WORK ITEM
Transcribe the records exactly. Pictures do not belong in the transcription.

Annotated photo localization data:
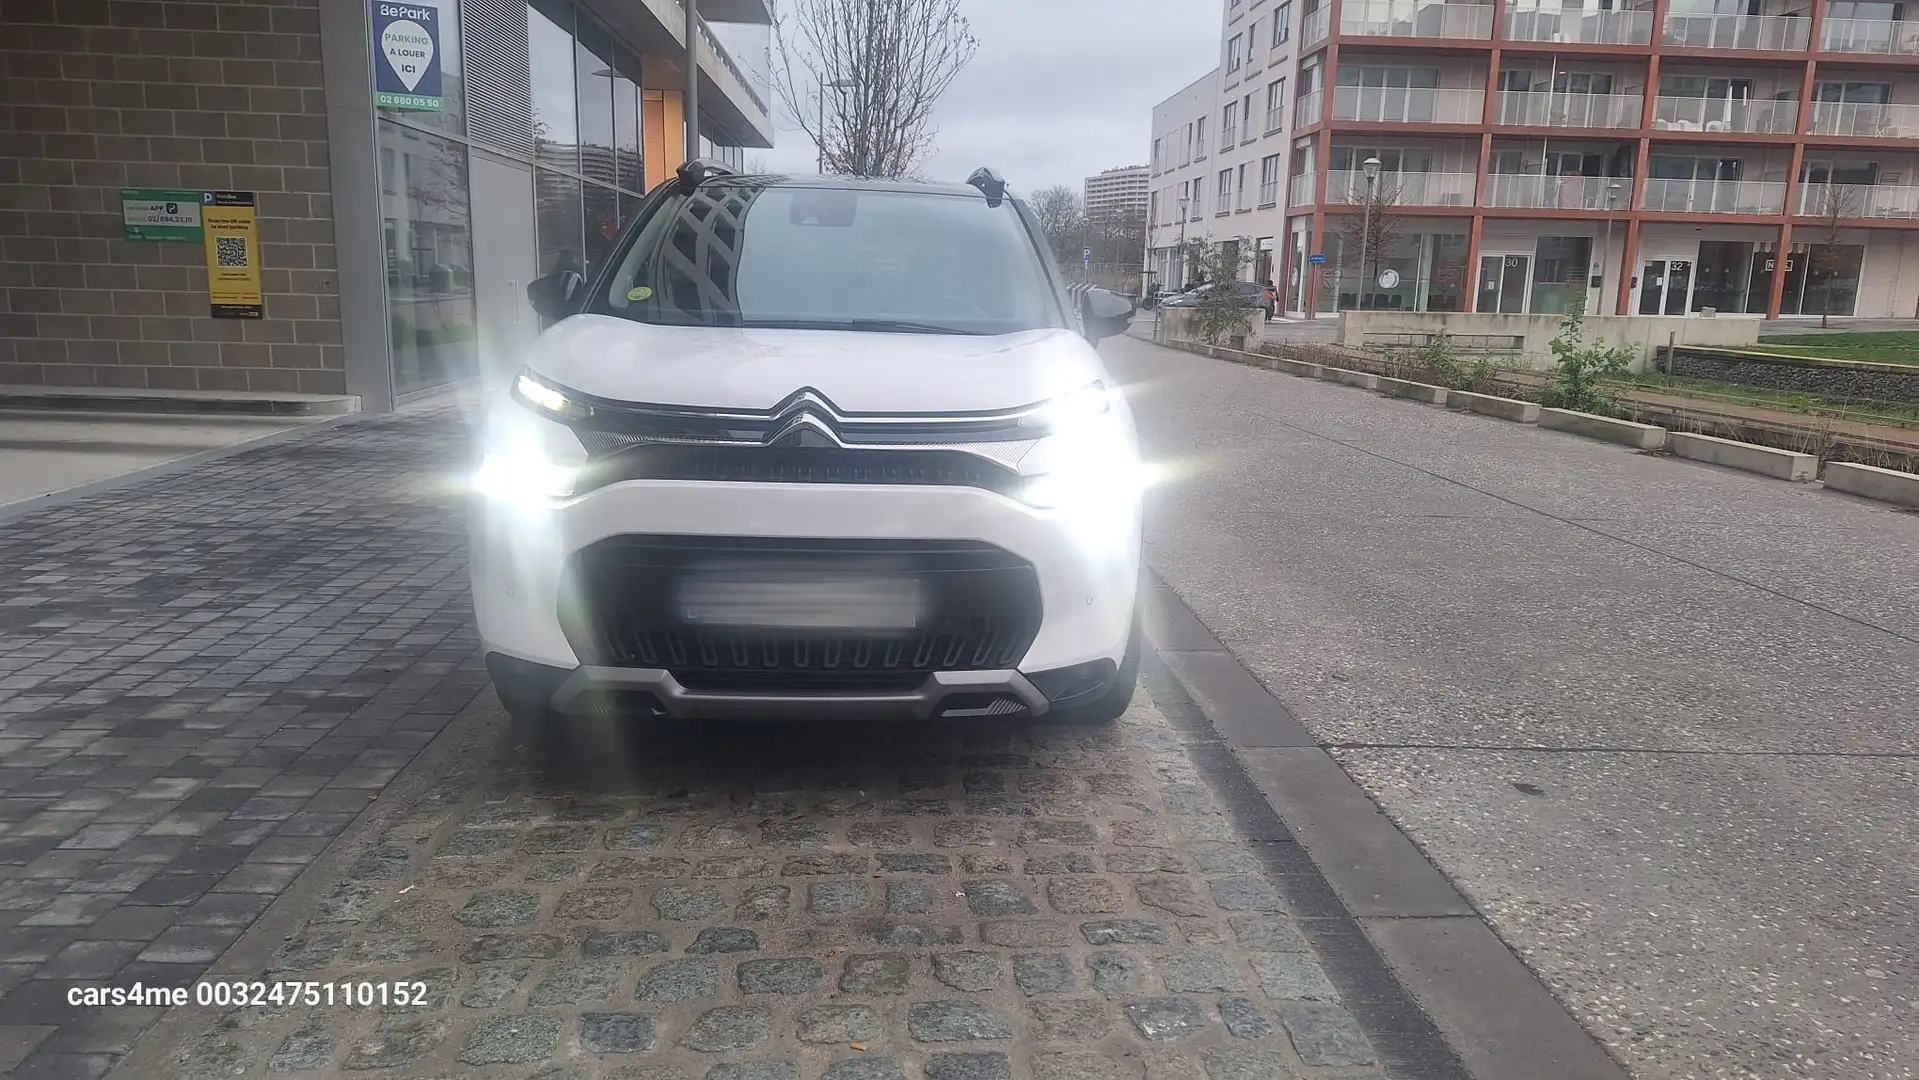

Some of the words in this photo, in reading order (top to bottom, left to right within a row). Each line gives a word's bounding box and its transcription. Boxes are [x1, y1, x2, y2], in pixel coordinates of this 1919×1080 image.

[380, 4, 431, 20] BePark
[385, 33, 429, 45] PARKING
[389, 48, 397, 56] A
[398, 49, 425, 59] LOUER
[401, 64, 416, 74] ICI
[380, 95, 392, 104] 02
[393, 97, 412, 105] 880
[413, 98, 425, 106] 05
[427, 99, 439, 107] 50
[1505, 258, 1518, 267] 30
[1671, 262, 1683, 271] 32

WRITTEN SOLUTION
Some of the words in this photo, in reading order (top to bottom, left to right within a row). Each line gives a word's bounding box and its transcription. Boxes are [x1, y1, x2, y2], in pixel coordinates of this 1919×1080 image.

[380, 4, 431, 20] BePark
[385, 33, 429, 45] PARKING
[389, 48, 397, 56] A
[398, 49, 425, 59] LOUER
[401, 64, 416, 74] ICI
[380, 95, 392, 104] 02
[393, 97, 412, 105] 880
[413, 98, 425, 106] 05
[427, 99, 439, 107] 50
[1505, 258, 1518, 267] 30
[1671, 262, 1683, 271] 32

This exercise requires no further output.